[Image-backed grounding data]
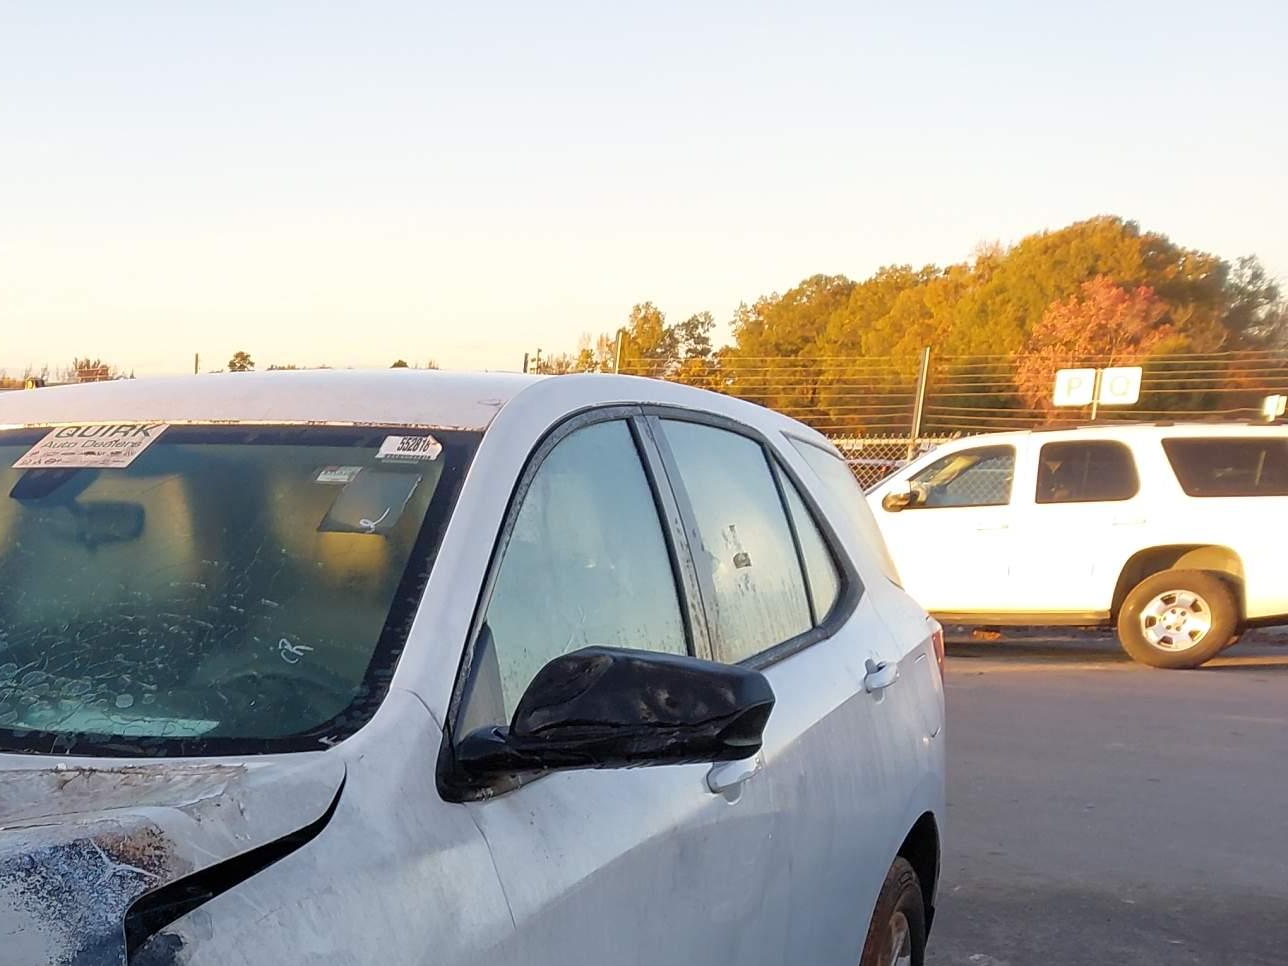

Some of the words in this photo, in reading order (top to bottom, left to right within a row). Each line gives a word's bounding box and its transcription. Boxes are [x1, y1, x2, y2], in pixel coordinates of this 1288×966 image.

[1067, 377, 1082, 397] P
[54, 424, 162, 438] QUIRK
[41, 440, 77, 449] Auto
[80, 439, 142, 448] Dealers

— What you should do —
Would you please repeat all the data word for word, but without the pictures?

— Result for this task —
Some of the words in this photo, in reading order (top to bottom, left to right within a row). Each line gives a word's bounding box and its transcription. Boxes are [x1, y1, x2, y2], in pixel coordinates of this 1288×966 image.

[1067, 377, 1082, 397] P
[54, 424, 162, 438] QUIRK
[41, 440, 77, 449] Auto
[80, 439, 142, 448] Dealers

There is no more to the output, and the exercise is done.